Kung-fu movie about a monastery forming fighters with a painful final test [closed]

Kung-fu movie about a monastery forming fighters with a painful final test [closed] - Person Aspirating the Vaccine from the Vial

I watched in France a kung-fu movie in the early 80's (I believe) of which I do not remember much except one specific scene. The movie was part of the trend "a more or less random guy is taught kung-fu and becomes a better person" (the 1984 Karate Kid kind, and similar ones).

The scene I remember from this one is that the hero (a grown man, I do not remember if he was Asian or American) learns kung-fu (or a derivative) in an Asian monastery and the final test consists of him holding a red hot bowl (about 80 cm wide) in (or rather on) his forearms (not hands). He must transport the bowl over a few meters, during that time some signs on the bowl are burned into his forearms (I think he chooses the ones he wants when grabbing the bowl).

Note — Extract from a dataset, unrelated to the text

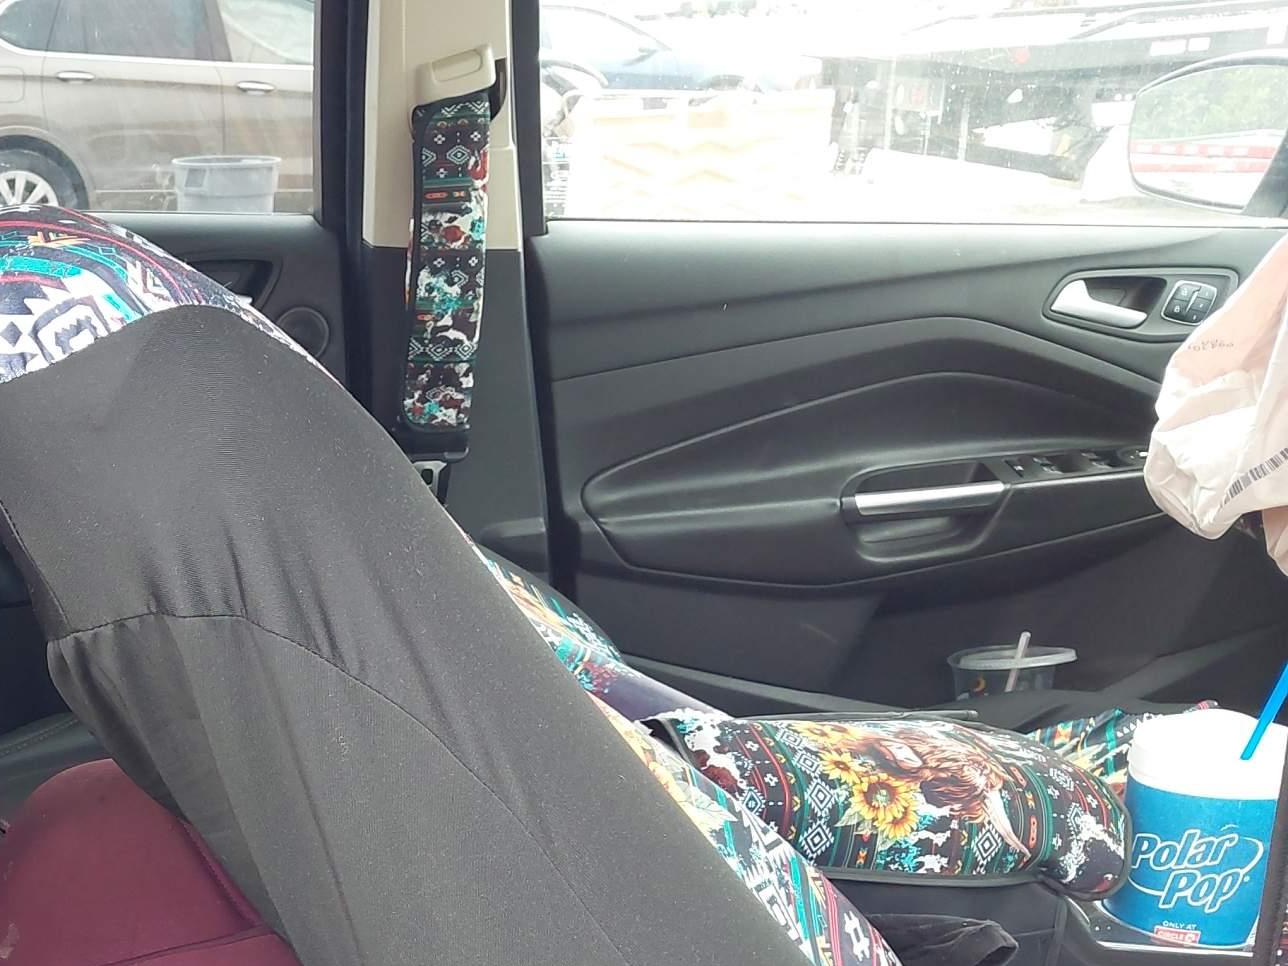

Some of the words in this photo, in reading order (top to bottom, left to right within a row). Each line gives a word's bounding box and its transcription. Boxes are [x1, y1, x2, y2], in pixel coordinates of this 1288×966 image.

[1131, 830, 1239, 870] Polar
[1159, 869, 1243, 913] Pop
[1163, 920, 1184, 929] ONLY

He can then open the exit door of the monastery and falls in the snow in pain from the burns.

This is in the first part of the movie, I think the real adventure starts from there.

I am aware that this is just one scene from a movies like there were many, but it was quite significant (it stayed in my memory for all these years) and the fact that the movie was broadcasted on French TV suggests that it must have been at least quite well known.



Best Answer

This is actual the tv series Kung Fu (1972 - 1975) with David Carradine.

The adventures of a Shaolin Monk as he wanders the American West armed only with his skill in Kung Fu.

enter image description here

Kung Fu is an American action-adventure martial arts western drama television series starring David Carradine. The series follows the adventures of Kwai Chang Caine (portrayed by David Carradine as an adult, Keith Carradine as a teenager, and Radames Pera as a young boy), a Shaolin monk who travels through the American Old West, armed only with his spiritual training and his skill in martial arts, as he seeks Danny Caine, his half-brother

Wikipedia

There was, as I recall, an extended pilot which you may have mistaken for a movie.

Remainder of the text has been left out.